Depuis, le pays est au ban de la communauté internationale. Et le tarissement de l’aide au développement a durement frappé l’économie burundaise. Une enquête de la Cour pénale internationale est en cours. Au sein du parti présidentiel, les tensions montent entre les tenants d’une ligne dure et ceux qui pensent qu’il est urgent d’envoyer des signaux en faveur d’un retour à la normalité institutionnelle… si ce n’est politique. Pis, l’armée, fortement polarisée, fait pression sur le pouvoir pour que le changement de tête advienne au plus vite.

Le président sortant a respecté sa parole de ne pas briguer un quatrième mandat, mais son dauphin désigné doit vite prendre le pouvoir au risque de voir les appétits s’aiguiser, sa place disputée et, qui sait, éclater un coup de force qui ruinerait le scénario préétabli.

Alors, quand la situation sanitaire mondiale s’emballe, le Burundi ignore la menace. En avril, les autorités se paient même le luxe cynique d’expulser trois agents de l’OMS (dont le responsable de la riposte Covid-19) pour « ingérence ».

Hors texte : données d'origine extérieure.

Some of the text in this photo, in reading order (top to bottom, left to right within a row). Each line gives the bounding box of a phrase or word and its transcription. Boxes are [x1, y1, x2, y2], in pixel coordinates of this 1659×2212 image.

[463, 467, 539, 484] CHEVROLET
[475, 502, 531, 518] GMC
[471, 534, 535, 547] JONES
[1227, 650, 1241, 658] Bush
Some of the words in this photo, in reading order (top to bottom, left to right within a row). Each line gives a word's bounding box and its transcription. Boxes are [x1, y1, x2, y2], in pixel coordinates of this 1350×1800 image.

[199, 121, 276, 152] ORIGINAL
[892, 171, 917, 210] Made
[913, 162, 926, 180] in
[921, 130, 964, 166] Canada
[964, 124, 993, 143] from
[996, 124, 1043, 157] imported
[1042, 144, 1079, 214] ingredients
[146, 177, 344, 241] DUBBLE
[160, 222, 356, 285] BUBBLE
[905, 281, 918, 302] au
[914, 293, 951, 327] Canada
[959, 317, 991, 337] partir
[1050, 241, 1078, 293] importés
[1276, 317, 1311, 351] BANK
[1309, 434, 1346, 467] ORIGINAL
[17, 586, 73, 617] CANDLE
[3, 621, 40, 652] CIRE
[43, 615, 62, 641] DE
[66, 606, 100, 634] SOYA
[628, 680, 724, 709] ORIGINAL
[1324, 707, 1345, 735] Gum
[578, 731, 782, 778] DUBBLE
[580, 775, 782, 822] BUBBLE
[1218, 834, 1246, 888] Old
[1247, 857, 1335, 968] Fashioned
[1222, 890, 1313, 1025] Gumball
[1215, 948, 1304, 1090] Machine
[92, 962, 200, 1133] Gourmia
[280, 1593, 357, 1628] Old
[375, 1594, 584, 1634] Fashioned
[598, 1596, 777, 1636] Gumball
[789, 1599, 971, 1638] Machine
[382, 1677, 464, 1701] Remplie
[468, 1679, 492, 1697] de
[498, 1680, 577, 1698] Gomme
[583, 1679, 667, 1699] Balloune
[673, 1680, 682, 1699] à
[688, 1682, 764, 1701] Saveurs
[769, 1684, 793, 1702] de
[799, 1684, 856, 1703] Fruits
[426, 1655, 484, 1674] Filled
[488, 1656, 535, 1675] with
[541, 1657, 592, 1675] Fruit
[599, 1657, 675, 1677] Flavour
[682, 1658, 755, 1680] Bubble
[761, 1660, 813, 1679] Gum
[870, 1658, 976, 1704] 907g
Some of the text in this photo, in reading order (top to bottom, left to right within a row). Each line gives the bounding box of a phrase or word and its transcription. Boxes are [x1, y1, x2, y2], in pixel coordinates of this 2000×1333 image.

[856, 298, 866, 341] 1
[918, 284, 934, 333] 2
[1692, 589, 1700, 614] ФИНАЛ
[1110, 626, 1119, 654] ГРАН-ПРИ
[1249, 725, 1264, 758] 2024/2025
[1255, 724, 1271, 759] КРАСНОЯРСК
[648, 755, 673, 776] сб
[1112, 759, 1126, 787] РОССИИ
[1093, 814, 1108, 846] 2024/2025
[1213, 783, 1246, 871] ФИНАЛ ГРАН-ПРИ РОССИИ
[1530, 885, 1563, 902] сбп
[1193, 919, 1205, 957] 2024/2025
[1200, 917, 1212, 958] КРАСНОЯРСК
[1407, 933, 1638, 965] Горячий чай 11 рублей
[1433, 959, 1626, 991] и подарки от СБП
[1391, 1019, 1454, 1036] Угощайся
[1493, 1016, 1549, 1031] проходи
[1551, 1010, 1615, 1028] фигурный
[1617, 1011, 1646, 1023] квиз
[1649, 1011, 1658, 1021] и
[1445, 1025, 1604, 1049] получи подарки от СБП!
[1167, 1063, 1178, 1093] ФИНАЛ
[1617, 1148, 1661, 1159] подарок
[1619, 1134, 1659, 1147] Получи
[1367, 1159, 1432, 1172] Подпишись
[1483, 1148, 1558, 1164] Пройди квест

Présenté comme une menace externe, le virus est également le prétexte à une mise en quarantaine des visiteurs internationaux, fermant un peu plus le pays à d’éventuels observateurs étrangers, journalistes ou membres d’ONG, persona non grata en cette période électorale. Coûte que coûte, les élections se tiendront… avec leur lot d’intimidations, de fraudes et de violations des libertés des Burundais.

Changement d’homme, changement de discours. À peine arrivé au pouvoir, le général « Neva » amorce un tournant radical. Le Covid-19 est déclaré « premier ennemi des Burundais » qui sont appelés à respecter scrupuleusement les gestes barrières. Le savon est subventionné et le prix du m3 d’eau diminue pour la durée de l’épidémie. Une campagne nationale de dépistage est lancée, les soins sont gratuits pour toute personne infectée. Plus encore, selon les mots mêmes du président, celui qui refuserait de se faire dépister et infecterait ainsi volontairement autrui serait considéré « comme un sorcier et traité aussi sévèrement que lui ».

Si la doctrine en matière de gestion de la crise sanitaire a changé, l’habitude de la main forte et du verbe menaçant ne semble pas prête de disparaître. Le Covid-19 est finalement un virus très utile.